--- Data listing Enclosed Below ---
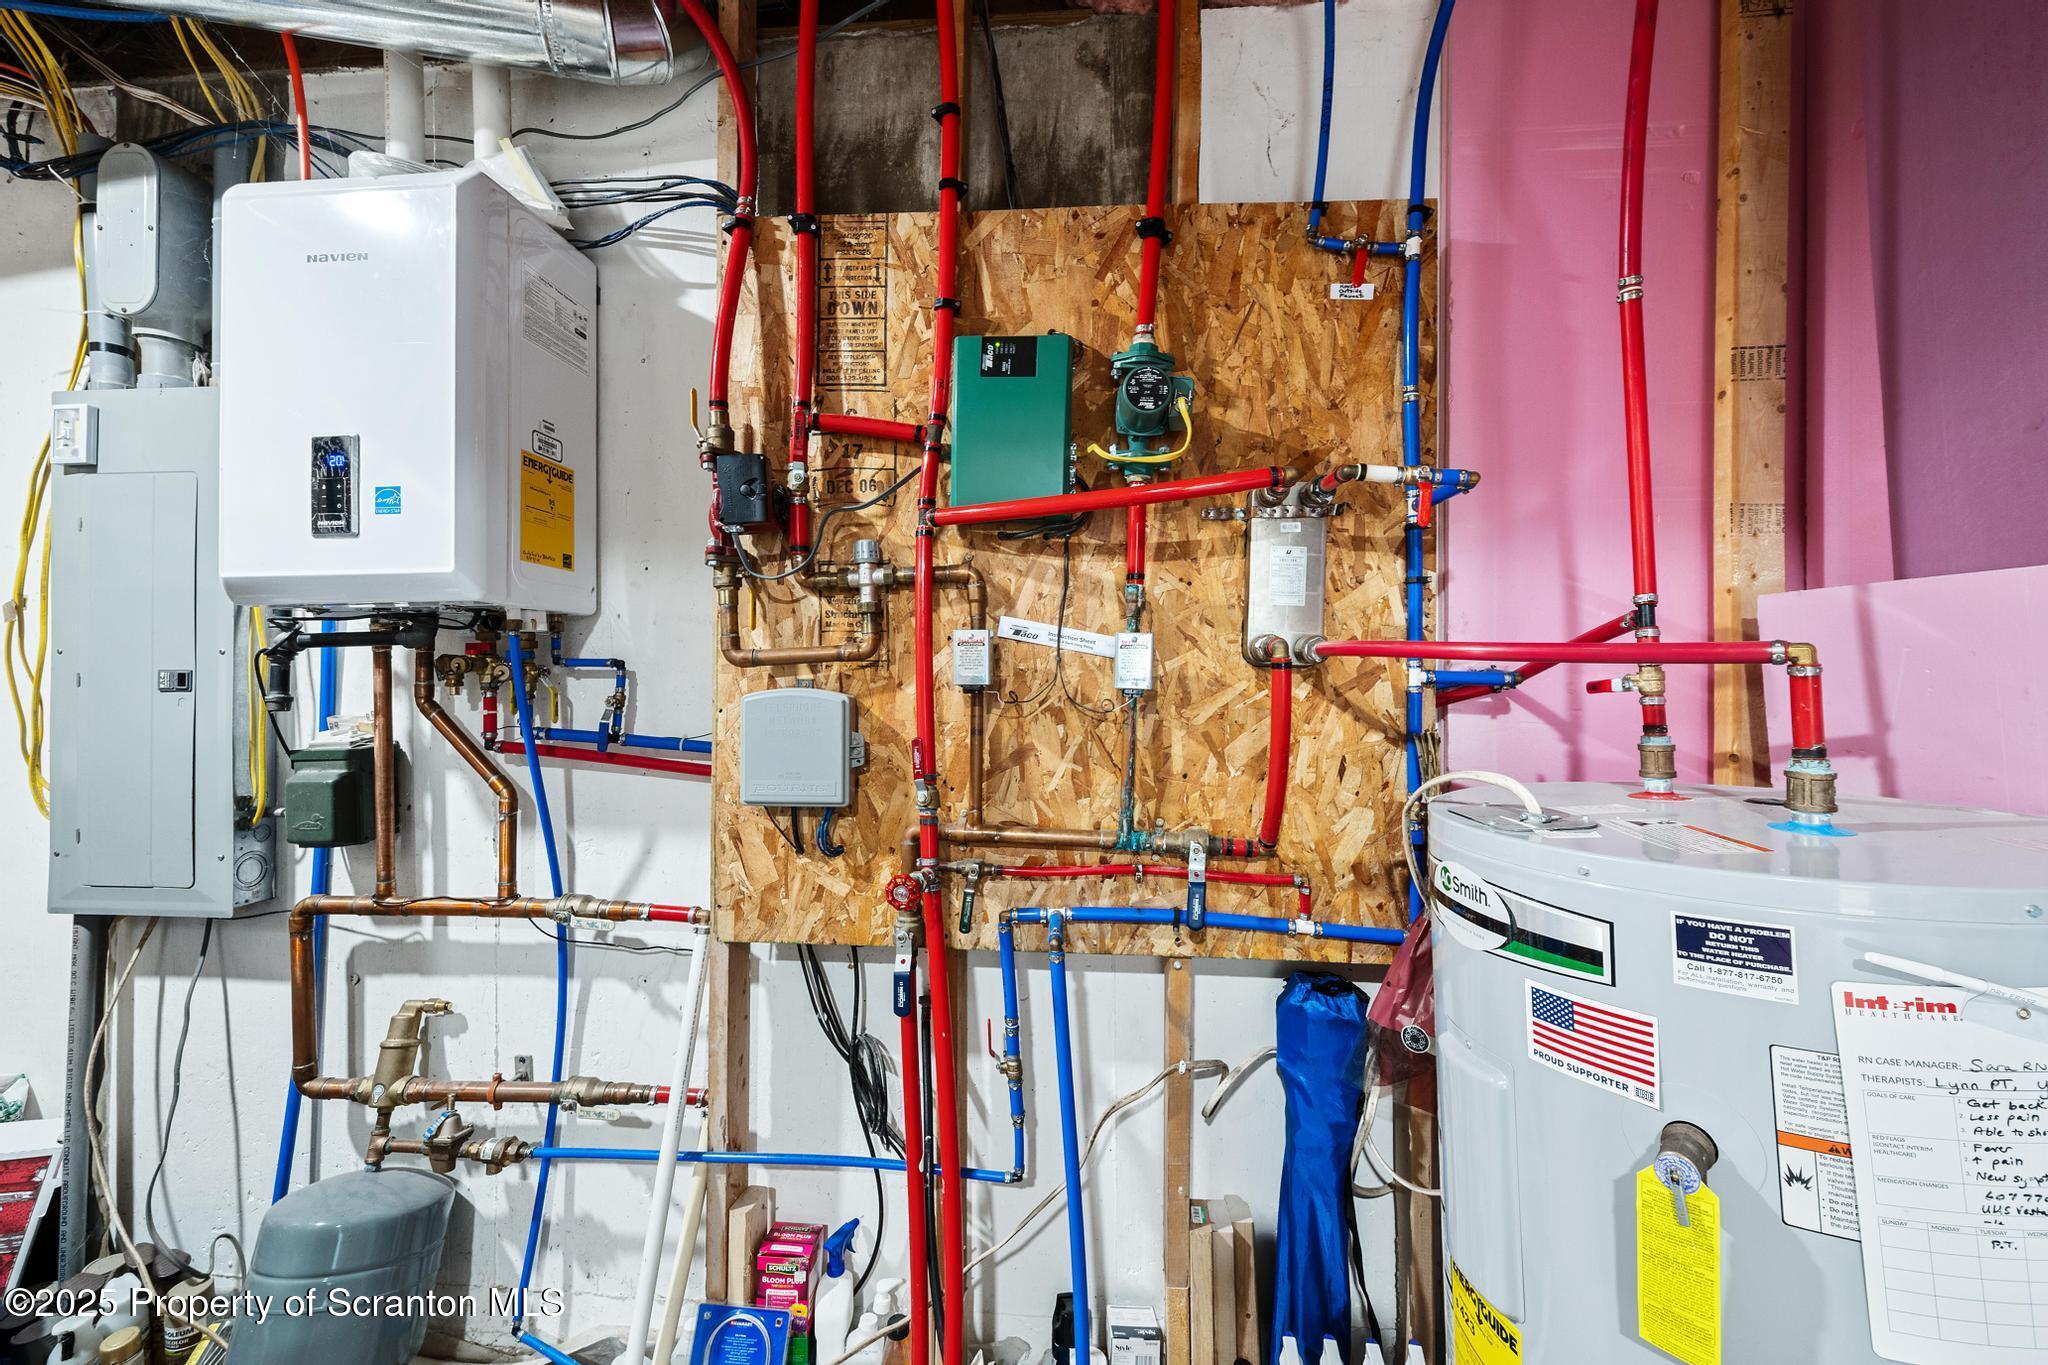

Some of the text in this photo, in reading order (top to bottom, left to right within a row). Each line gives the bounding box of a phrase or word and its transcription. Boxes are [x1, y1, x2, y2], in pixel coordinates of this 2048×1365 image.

[854, 290, 877, 299] SIDE
[827, 301, 878, 315] DOWN
[842, 443, 863, 460] 17
[826, 479, 877, 494] DEC 06
[1686, 920, 1705, 928] YOU
[1707, 922, 1732, 932] HAVE
[1743, 928, 1791, 939] PROBLEM
[1709, 932, 1755, 945] DO NOT
[1705, 940, 1760, 953] RETURN THIS
[1689, 952, 1705, 960] THE
[1706, 954, 1732, 964] PLACE
[1732, 958, 1743, 966] OF
[1701, 947, 1764, 961] WATER HEATER
[1678, 976, 1715, 986] performance
[1687, 963, 1783, 985] Call 1-877-817-6750
[1691, 971, 1704, 979] ALL
[1747, 982, 1778, 992] warranty
[1533, 1048, 1564, 1068] PROUD
[1566, 1062, 1630, 1092] SUPPORTER
[1857, 1055, 1962, 1071] RN CASE MANAGER:
[2022, 1062, 2048, 1072] RN
[1860, 1074, 1926, 1087] THERAPISTS:
[1935, 1077, 1979, 1095] Lynn
[1967, 1099, 2048, 1111] Get back
[2007, 1113, 2040, 1127] pain
[1973, 1126, 2024, 1137] Able to
[1992, 1156, 2024, 1170] pain
[1876, 1177, 1950, 1190] MEDICATION CHANGES
[1976, 1171, 2007, 1182] New
[1829, 1206, 1854, 1217] Do not
[1881, 1218, 1908, 1227] SUNDAY
[1930, 1224, 1961, 1232] MONDAY
[1979, 1229, 2008, 1237] TUESDAY
[768, 1264, 797, 1272] SCHULTZ
[761, 1276, 786, 1284] BLOOM
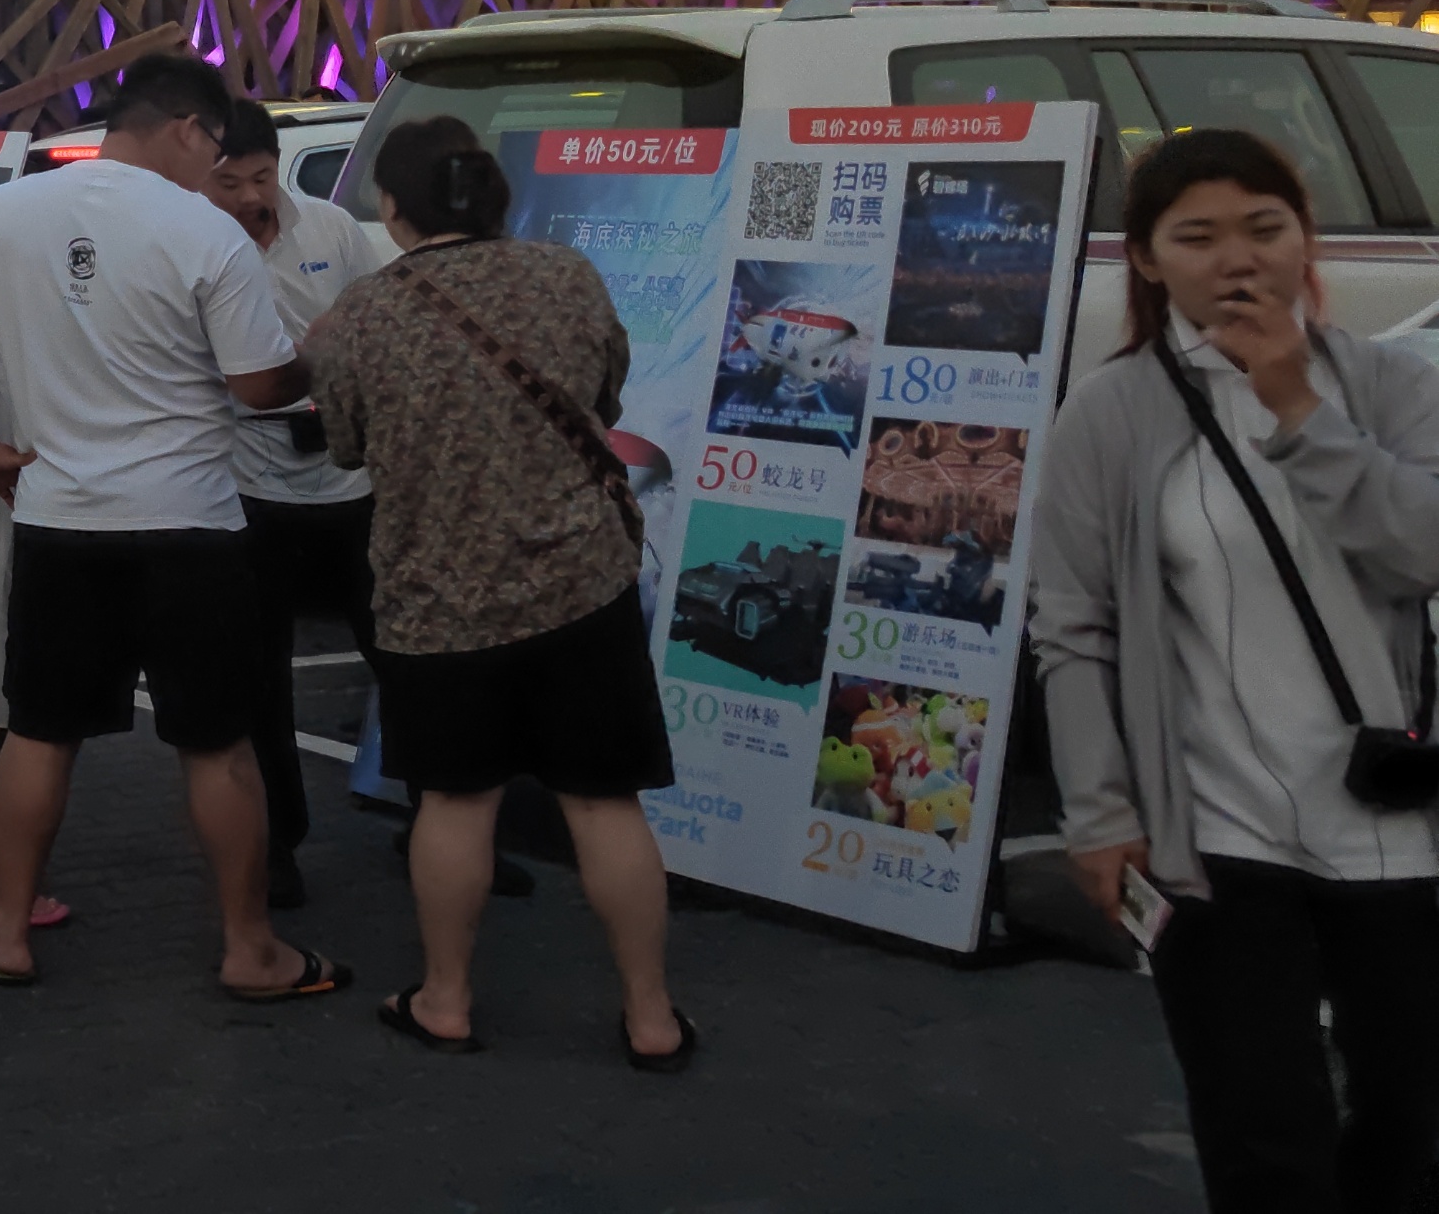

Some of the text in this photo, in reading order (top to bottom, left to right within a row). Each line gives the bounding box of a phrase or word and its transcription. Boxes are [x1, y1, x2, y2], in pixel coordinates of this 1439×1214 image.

[809, 115, 1002, 138] 现价209元 原价310元
[559, 136, 698, 164] 单价50元/位
[832, 161, 888, 192] 扫码
[827, 195, 885, 226] 购票
[572, 221, 705, 254] 海底探秘之旅
[875, 356, 957, 405] 180
[696, 444, 758, 491] 50
[761, 463, 827, 493] 蛟龙号
[837, 611, 899, 660] 30
[902, 621, 957, 650] 游乐场
[663, 685, 719, 733] 30
[723, 701, 780, 728] VR体验
[801, 820, 865, 872] 20
[872, 851, 961, 893] 玩具之恋
--- End of Enclosed Data listing ---
Problem description — The records above should be repeated exactly, with every picture omitted.

Solved exercise —
Some of the text in this photo, in reading order (top to bottom, left to right within a row). Each line gives the bounding box of a phrase or word and its transcription. Boxes are [x1, y1, x2, y2], in pixel coordinates of this 2048×1365 image.

[854, 290, 877, 299] SIDE
[827, 301, 878, 315] DOWN
[842, 443, 863, 460] 17
[826, 479, 877, 494] DEC 06
[1686, 920, 1705, 928] YOU
[1707, 922, 1732, 932] HAVE
[1743, 928, 1791, 939] PROBLEM
[1709, 932, 1755, 945] DO NOT
[1705, 940, 1760, 953] RETURN THIS
[1689, 952, 1705, 960] THE
[1706, 954, 1732, 964] PLACE
[1732, 958, 1743, 966] OF
[1701, 947, 1764, 961] WATER HEATER
[1678, 976, 1715, 986] performance
[1687, 963, 1783, 985] Call 1-877-817-6750
[1691, 971, 1704, 979] ALL
[1747, 982, 1778, 992] warranty
[1533, 1048, 1564, 1068] PROUD
[1566, 1062, 1630, 1092] SUPPORTER
[1857, 1055, 1962, 1071] RN CASE MANAGER:
[2022, 1062, 2048, 1072] RN
[1860, 1074, 1926, 1087] THERAPISTS:
[1935, 1077, 1979, 1095] Lynn
[1967, 1099, 2048, 1111] Get back
[2007, 1113, 2040, 1127] pain
[1973, 1126, 2024, 1137] Able to
[1992, 1156, 2024, 1170] pain
[1876, 1177, 1950, 1190] MEDICATION CHANGES
[1976, 1171, 2007, 1182] New
[1829, 1206, 1854, 1217] Do not
[1881, 1218, 1908, 1227] SUNDAY
[1930, 1224, 1961, 1232] MONDAY
[1979, 1229, 2008, 1237] TUESDAY
[768, 1264, 797, 1272] SCHULTZ
[761, 1276, 786, 1284] BLOOM

Some of the text in this photo, in reading order (top to bottom, left to right within a row). Each line gives the bounding box of a phrase or word and its transcription. Boxes are [x1, y1, x2, y2], in pixel coordinates of this 1439×1214 image.

[809, 115, 1002, 138] 现价209元 原价310元
[559, 136, 698, 164] 单价50元/位
[832, 161, 888, 192] 扫码
[827, 195, 885, 226] 购票
[572, 221, 705, 254] 海底探秘之旅
[875, 356, 957, 405] 180
[696, 444, 758, 491] 50
[761, 463, 827, 493] 蛟龙号
[837, 611, 899, 660] 30
[902, 621, 957, 650] 游乐场
[663, 685, 719, 733] 30
[723, 701, 780, 728] VR体验
[801, 820, 865, 872] 20
[872, 851, 961, 893] 玩具之恋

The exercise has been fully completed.